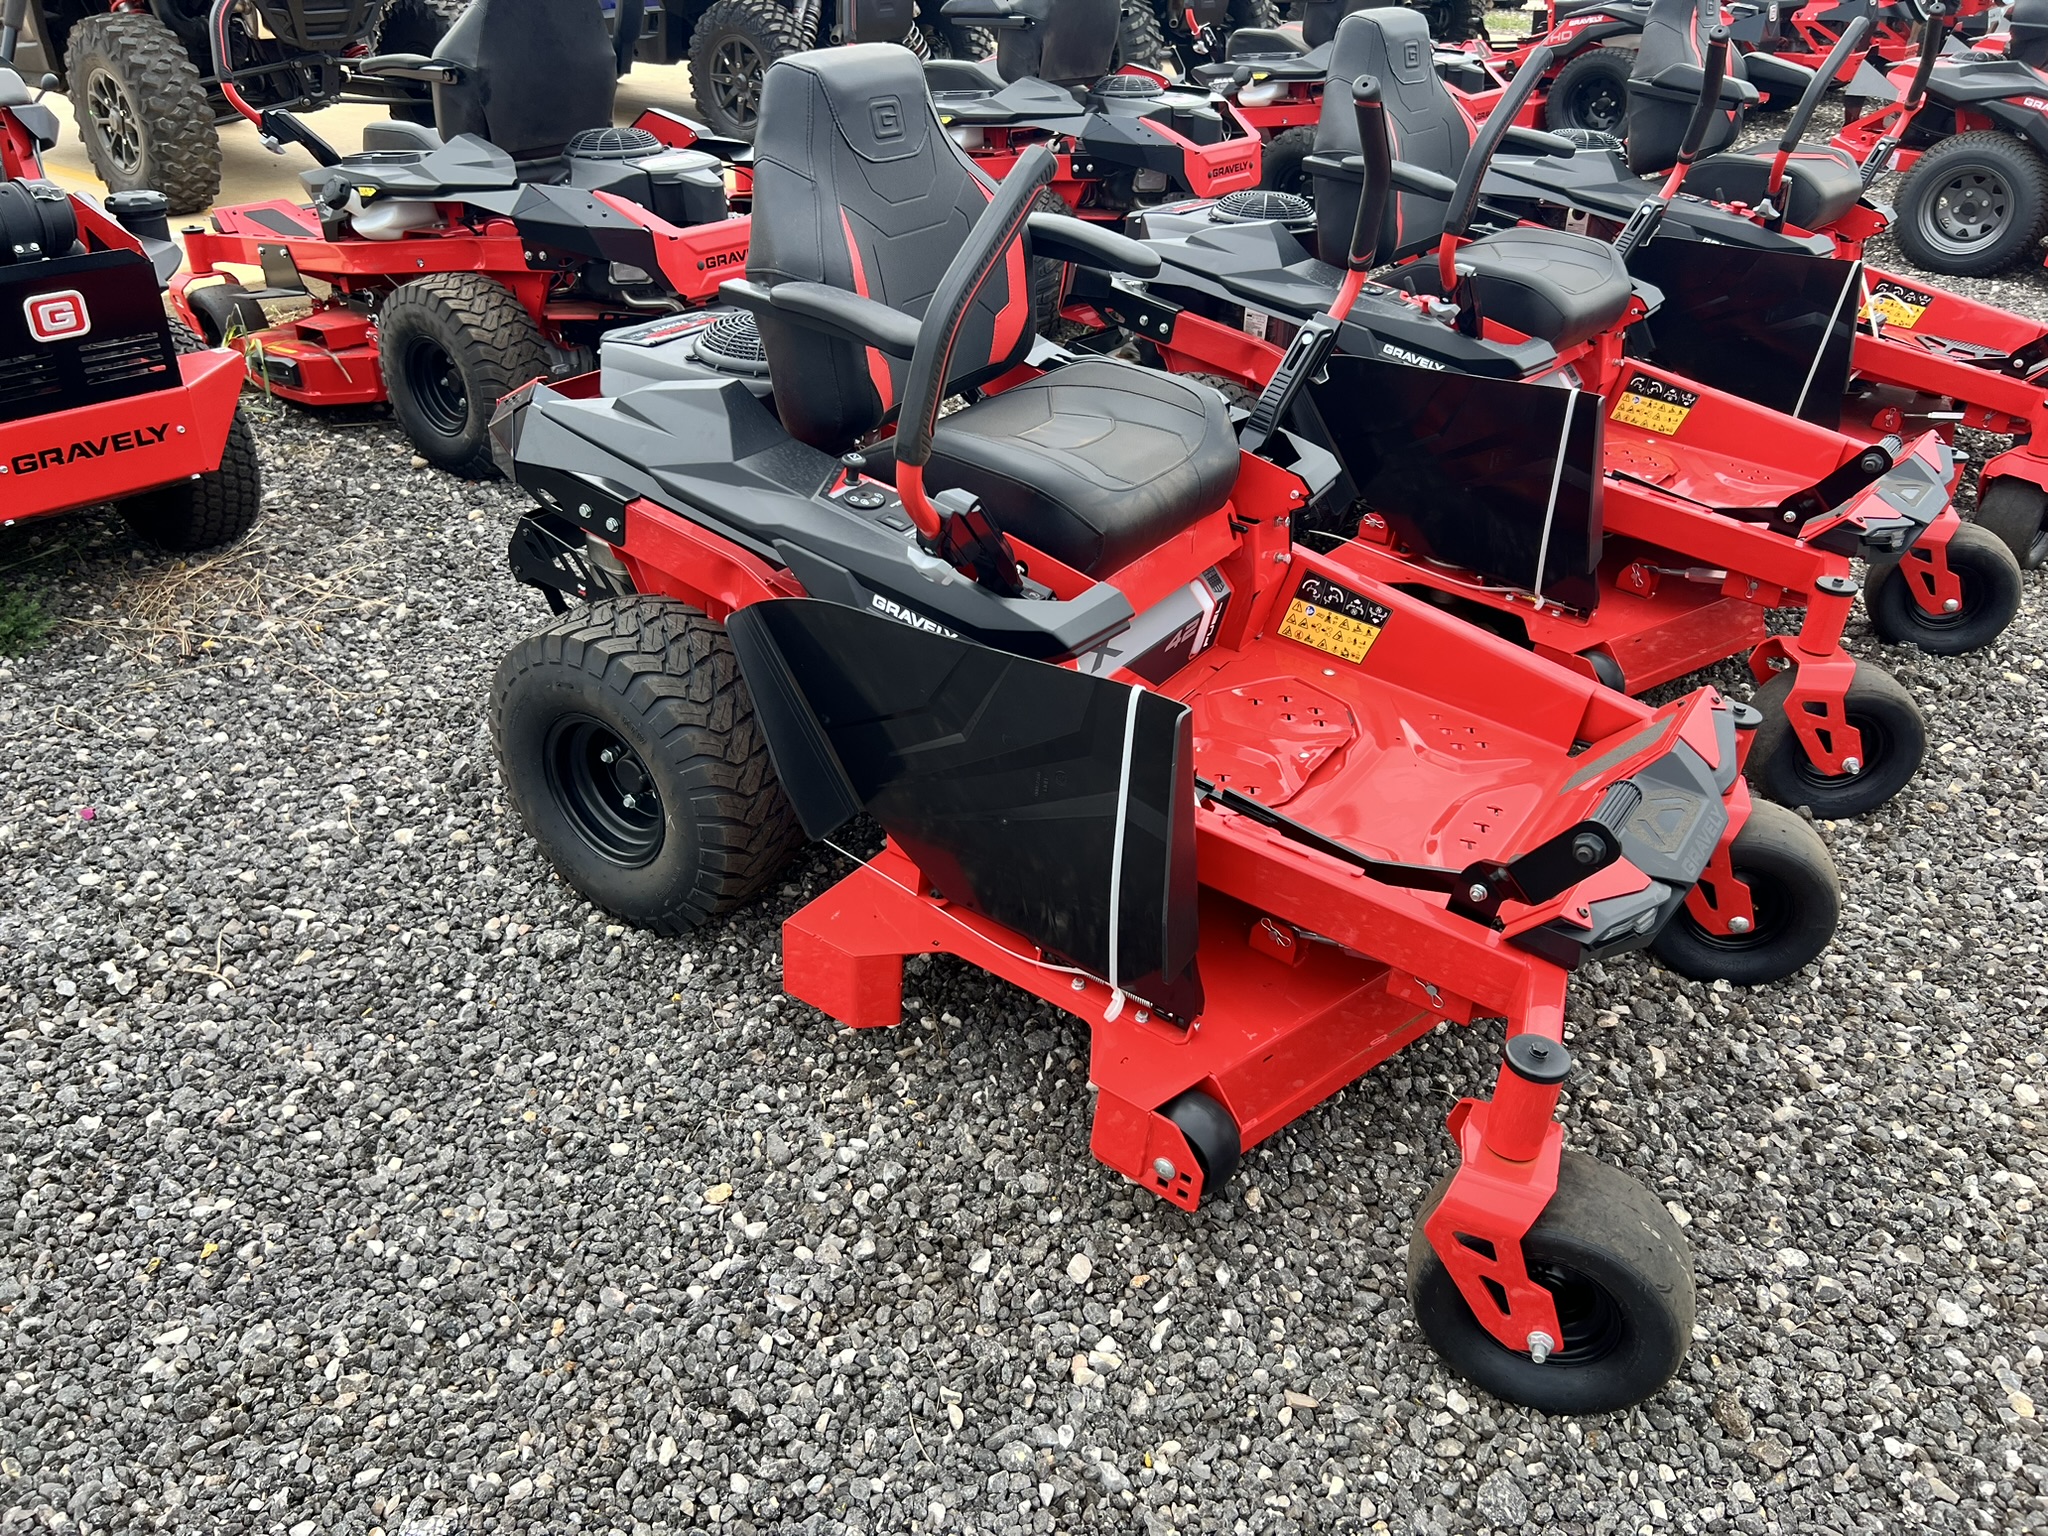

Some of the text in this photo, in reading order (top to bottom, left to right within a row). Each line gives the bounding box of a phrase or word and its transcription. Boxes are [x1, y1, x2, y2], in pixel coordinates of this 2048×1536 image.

[1569, 15, 1604, 27] GRAVELY
[1551, 31, 1573, 43] HD
[1212, 161, 1249, 178] GRAVELY
[706, 249, 749, 269] GRAV
[11, 422, 170, 475] GRAVELY
[1164, 616, 1201, 653] 42
[1203, 601, 1223, 648] FUEL
[1681, 805, 1724, 878] GRAVELY

What you will do:
All records above should be duplicated exactly, with the pictures omitted.

Exercise answer:
Some of the text in this photo, in reading order (top to bottom, left to right within a row). Each line gives the bounding box of a phrase or word and its transcription. Boxes are [x1, y1, x2, y2], in pixel coordinates of this 2048×1536 image.

[1569, 15, 1604, 27] GRAVELY
[1551, 31, 1573, 43] HD
[1212, 161, 1249, 178] GRAVELY
[706, 249, 749, 269] GRAV
[11, 422, 170, 475] GRAVELY
[1164, 616, 1201, 653] 42
[1203, 601, 1223, 648] FUEL
[1681, 805, 1724, 878] GRAVELY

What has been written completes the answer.